The importance of hops (Humulus lupulus L.) in brewing is well-known. (1,2) They are primarily used as a bittering agent, contributor to aroma, flavor and as a preservative due to their antimicrobial properties. (3) Other metabolites found in hops can contribute to other qualities such as foam stability, color, and mouthfeel. (4) Additionally, various health-promoting components in beer can be attributed to hops, such as amino acids, bitter acids, carbohydrates, flavonoid compounds, and vitamins. (3) The α- and β-acids are considered to be the predominately bittering compounds that balance the sweetness of the wort and while the β-acids (lupulone, colupulone, and adlupulone) contribute to the overall bitterness, the α-acids (humulone, cohumulone, and adhumulone) are generally considered to be the precursors of the bitter compounds as they isomerize during the brewing process. (1,4−6) The two general functions that many brewers consider when choosing a hop varietal are bittering and aroma, with higher α-acid content hops being chosen for bittering and lower α-acid content hops being chosen for aroma, however, there are hop varietals that can serve as dual purpose hops. (7)

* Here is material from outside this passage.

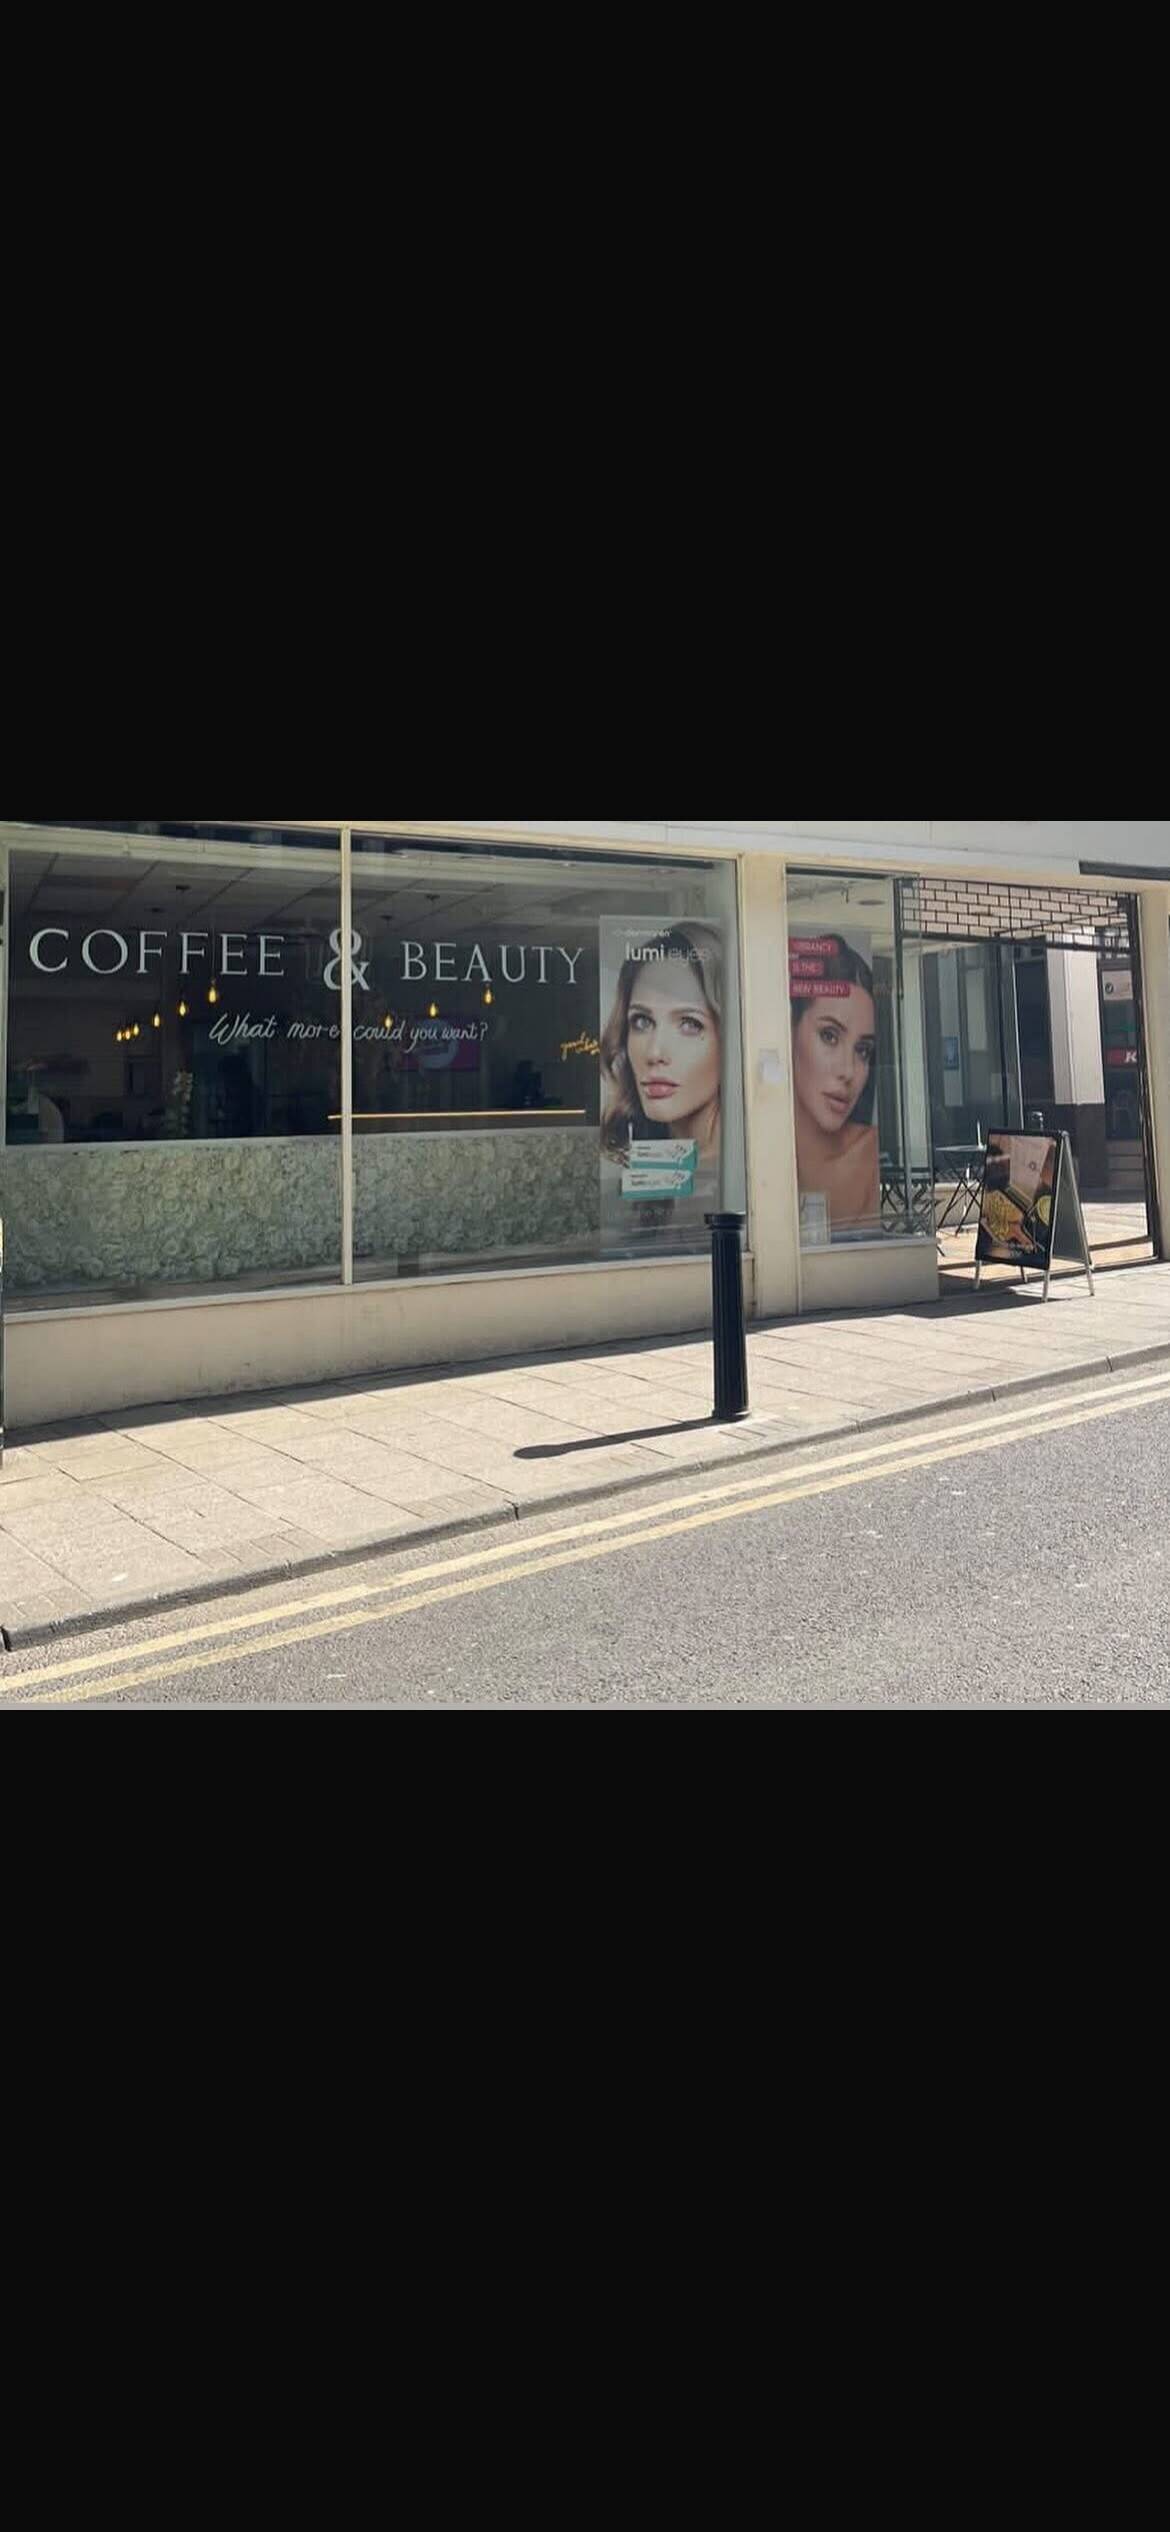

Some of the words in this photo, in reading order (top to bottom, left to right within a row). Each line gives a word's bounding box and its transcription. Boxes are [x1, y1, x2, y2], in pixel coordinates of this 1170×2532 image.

The essential oils contain more than 250 chemical compounds, including the terpene and terpenoid classes of organic compounds that are responsible for contributing to the flavor and aroma of beer. (8,11) Humulene, caryophyllene, farnescene, and myrcene are prevalent in hops with each compound possessing their own distinct flavor and aroma characteristics. Some of the modified versions of these compounds consists of geraniol, linalool, pinene, and nerol that also produce various flavors and aromas that are present in hops as well. Each hop cultivar possesses unique flavors and aromas due to the varying chemical composition of the essential oils and amount of bitter acids. (11)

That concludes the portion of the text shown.